Nov 032009
 

This Friday, November 13, you can watch a one hour Picasa Seminar on the Web.  Geeks on Tour will be in Mountain View, California to co-host this webinar with Google. 

You can check it out and register for the event by visiting the Picasa Help page. 

Here’s the Webinar description:

New to Picasa? Want to learn how to edit and organize your photos? The Picasa team, along with Chris Guld from Geeks on Tour, will be hosting a free webinar tailored to Picasa newcomers. You will learn quick and easy ways to crop, add effects, change the coloring and improve your photos. Following the demo there will be a Q&A portion hosted by the Picasa team and Geeks on Tour. Hope you can join us!

Register for the event

Oct 062009
 

The latest upgrade to Picasa came out on September 23. They’re calling it 3.5. The biggest change is in the ‘Import Photos’ screen. In the prior version, Import was on 2 screens; first you selected what you wanted to import (All, or Selected, Exclude duplicates or not) then the next screen asked where you wanted them – the folder specification. In Picasa 3.5 it’s all on one screen. So, you have to specify the target folder before you click ‘Import All’ or ‘Import Selected.’ (Tutorial Videos: Import from Camera)

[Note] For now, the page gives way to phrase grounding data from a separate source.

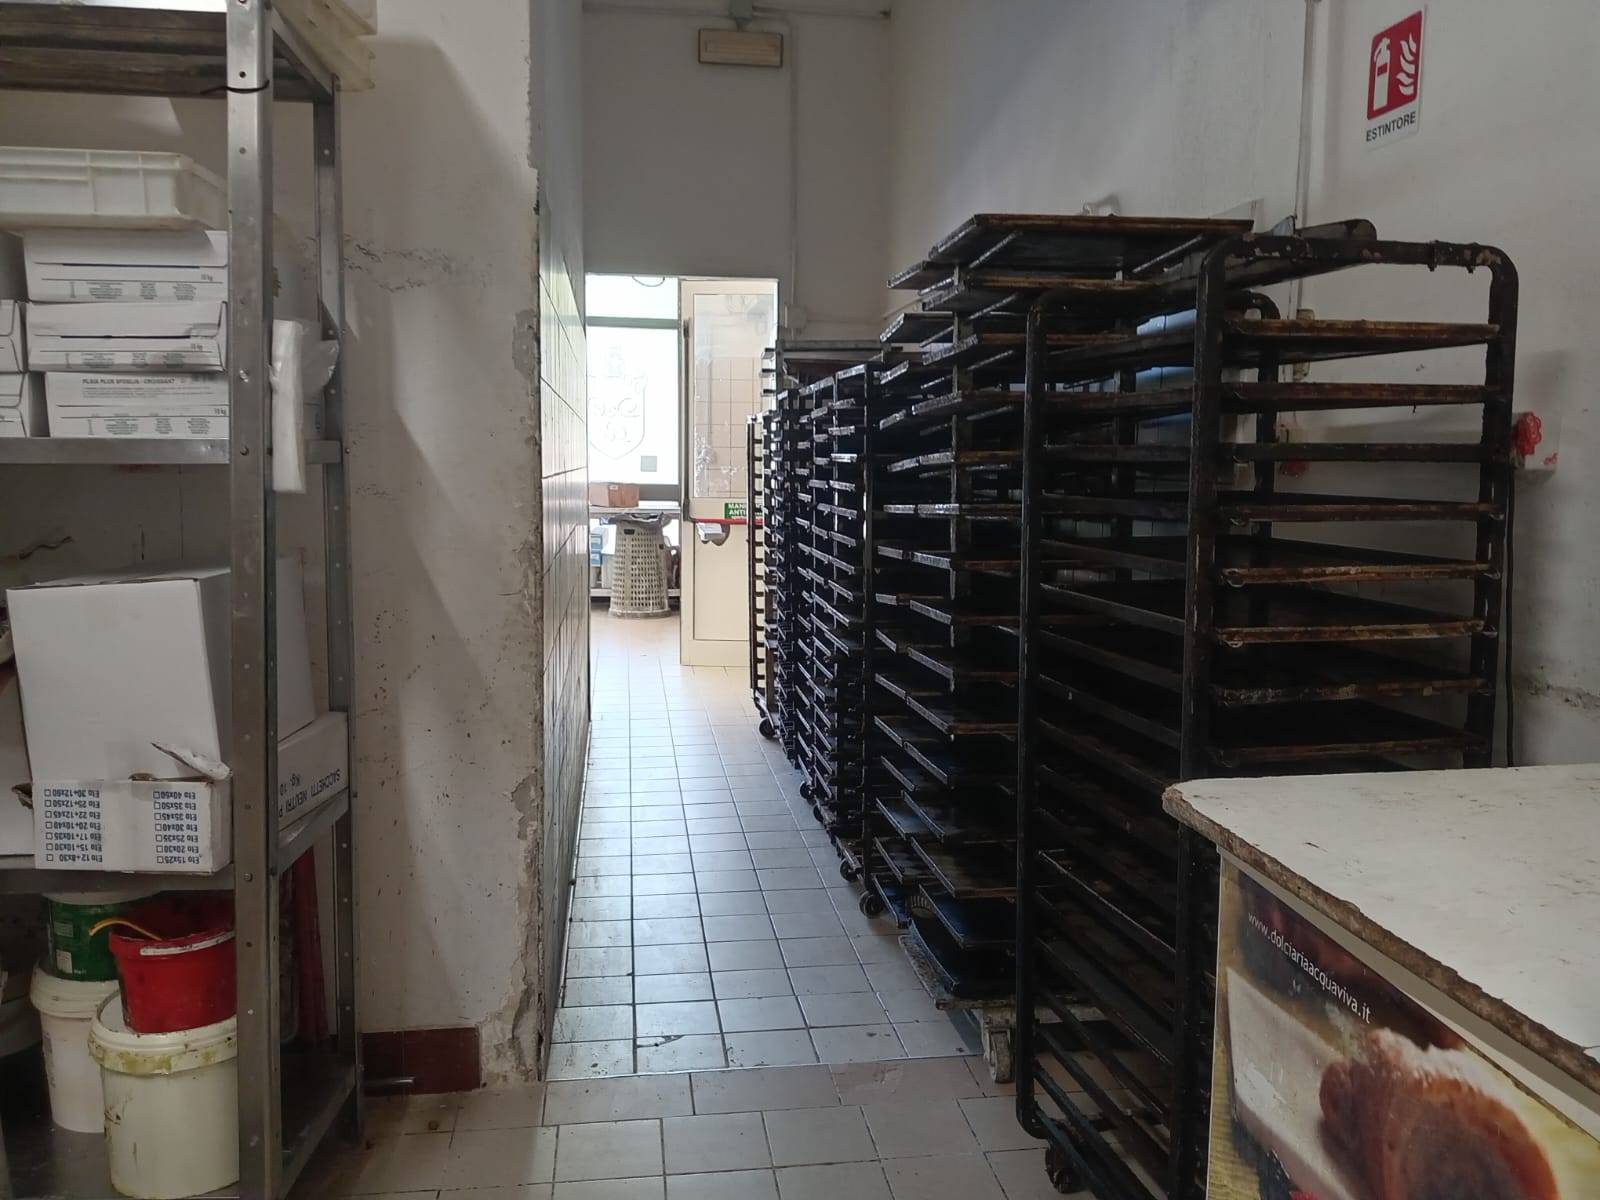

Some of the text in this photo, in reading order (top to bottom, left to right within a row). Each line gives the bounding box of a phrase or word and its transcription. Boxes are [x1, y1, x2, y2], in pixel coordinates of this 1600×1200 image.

[1365, 110, 1417, 142] ESTINTORE
[310, 768, 340, 797] SACCHETTI
[285, 790, 308, 812] NEUTRI
[1248, 911, 1371, 1024] www.dolciariaacquaviva.it
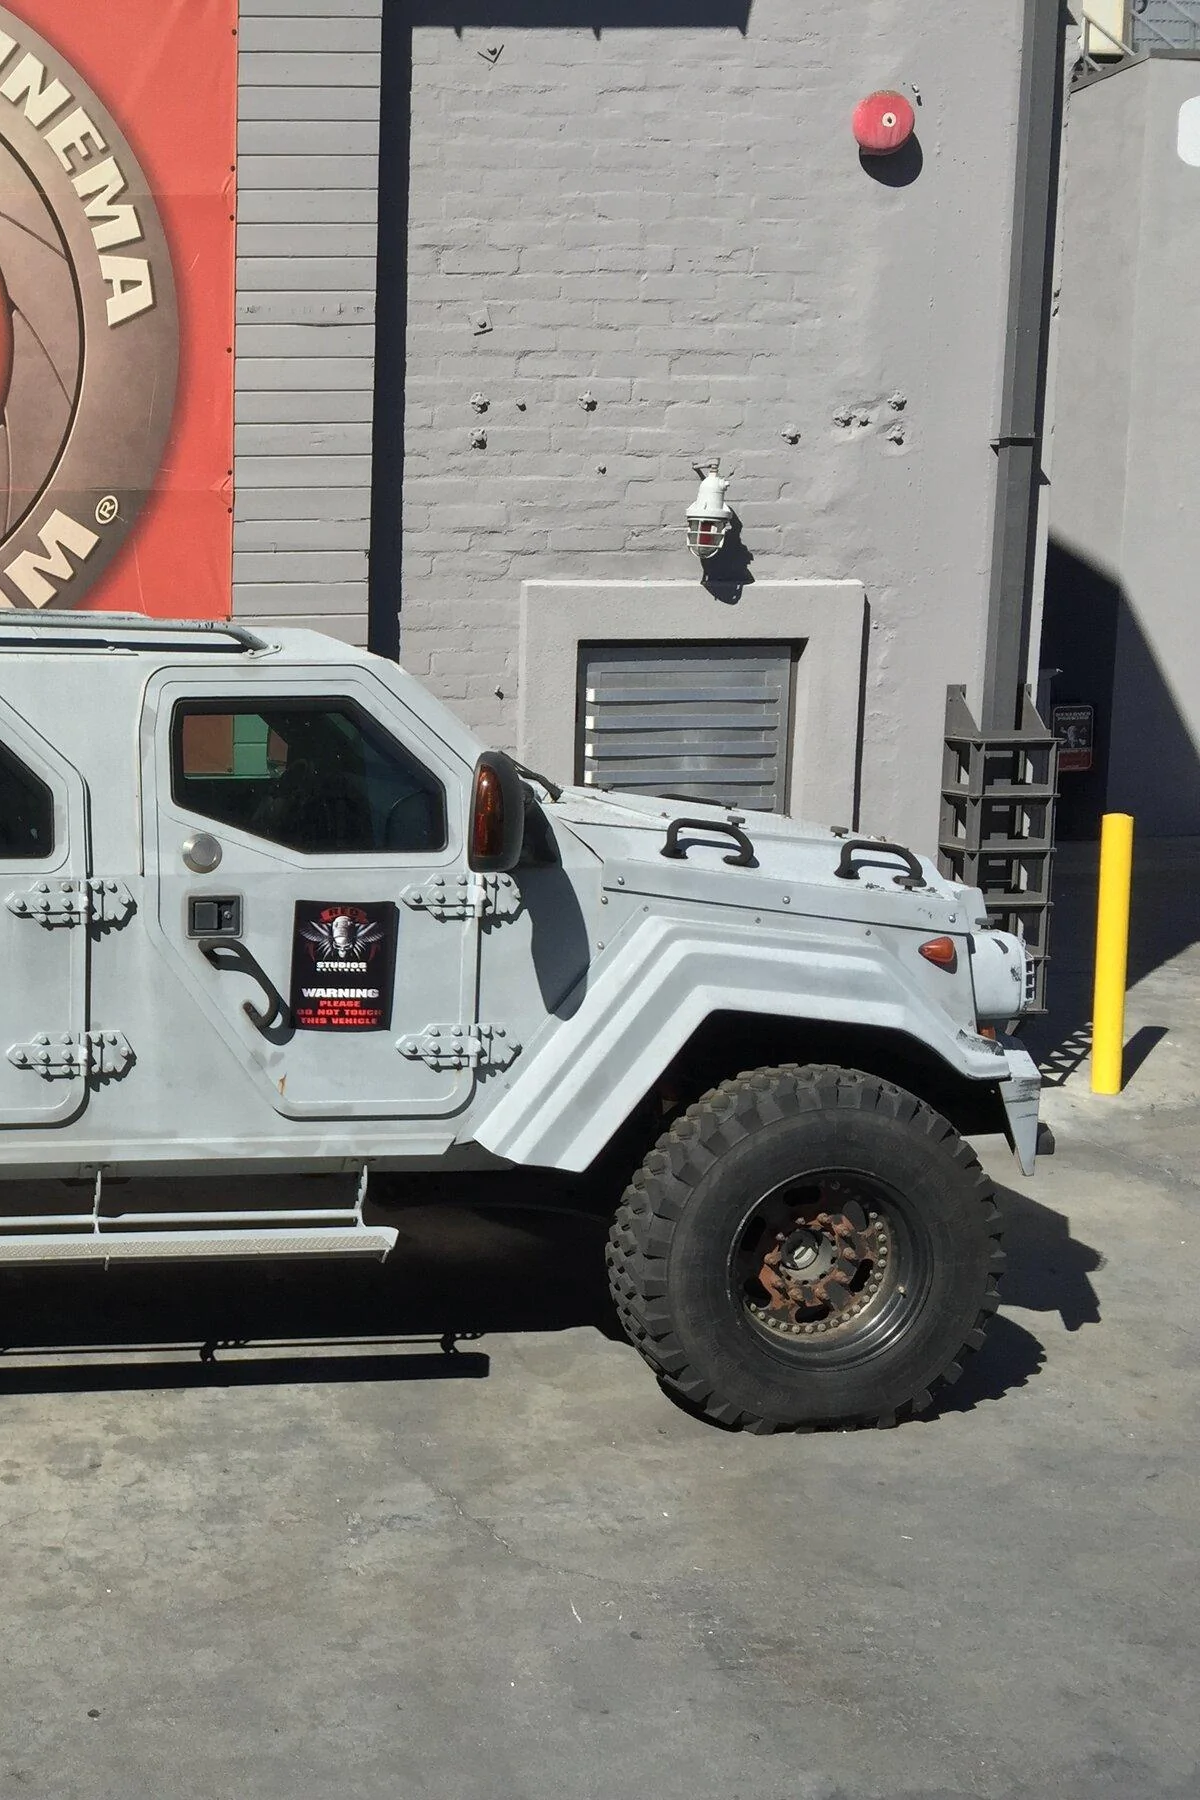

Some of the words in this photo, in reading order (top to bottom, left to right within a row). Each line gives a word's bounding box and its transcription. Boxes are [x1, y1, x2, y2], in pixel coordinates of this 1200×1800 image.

[316, 961, 367, 969] STUDIOS
[301, 987, 380, 998] WARNING
[296, 1008, 313, 1016] DO
[317, 1008, 340, 1016] NOT
[344, 1008, 385, 1016] TOUCH

Notice in the screenshot below the Import From, Exclude Duplicates and Progress note are in the upper left. Everything else is at the bottom. Your procedure, therefore, goes from top, to bottom – then left to right.

Picasa 3.5 Import

A couple things to notice:

  • Picasa creates a folder name for you with the current date (2009-10-05 above.) You don’t have to accept that – and you probably shouldn’t. You can delete 2009-10-05 and type anything there that you want. I usually put all pictures in a folder for the month, so I put 200910 in that place. In the older version, it would remember the folder name where I put the last imported batch of pictures – I could just select 200910 from a dropdown list. It doesn’t seem to do that anymore, but I can just type it in again and the pictures all go to the same place.
  • There is a new option to ‘Upload.’ This means that you can upload to your web albums at the same time that you import to your pictures on your computer. I would never do that, because I like to look at the pictures and do a little editing before uploading.

 

This tip brought to you by Geeks on Tour

Geeks on Tour is a membership website with hundreds of Tutorial Videos on topics of interest to travelers, such as managing digital photos with Picasa, Route-Planning with Streets and Trips, and sharing your travels with a website using Blogger or with friends on Facebook. You can subscribe to our free e-newsletters, or become a paid member and be able to view all of the videos in the Learning Library.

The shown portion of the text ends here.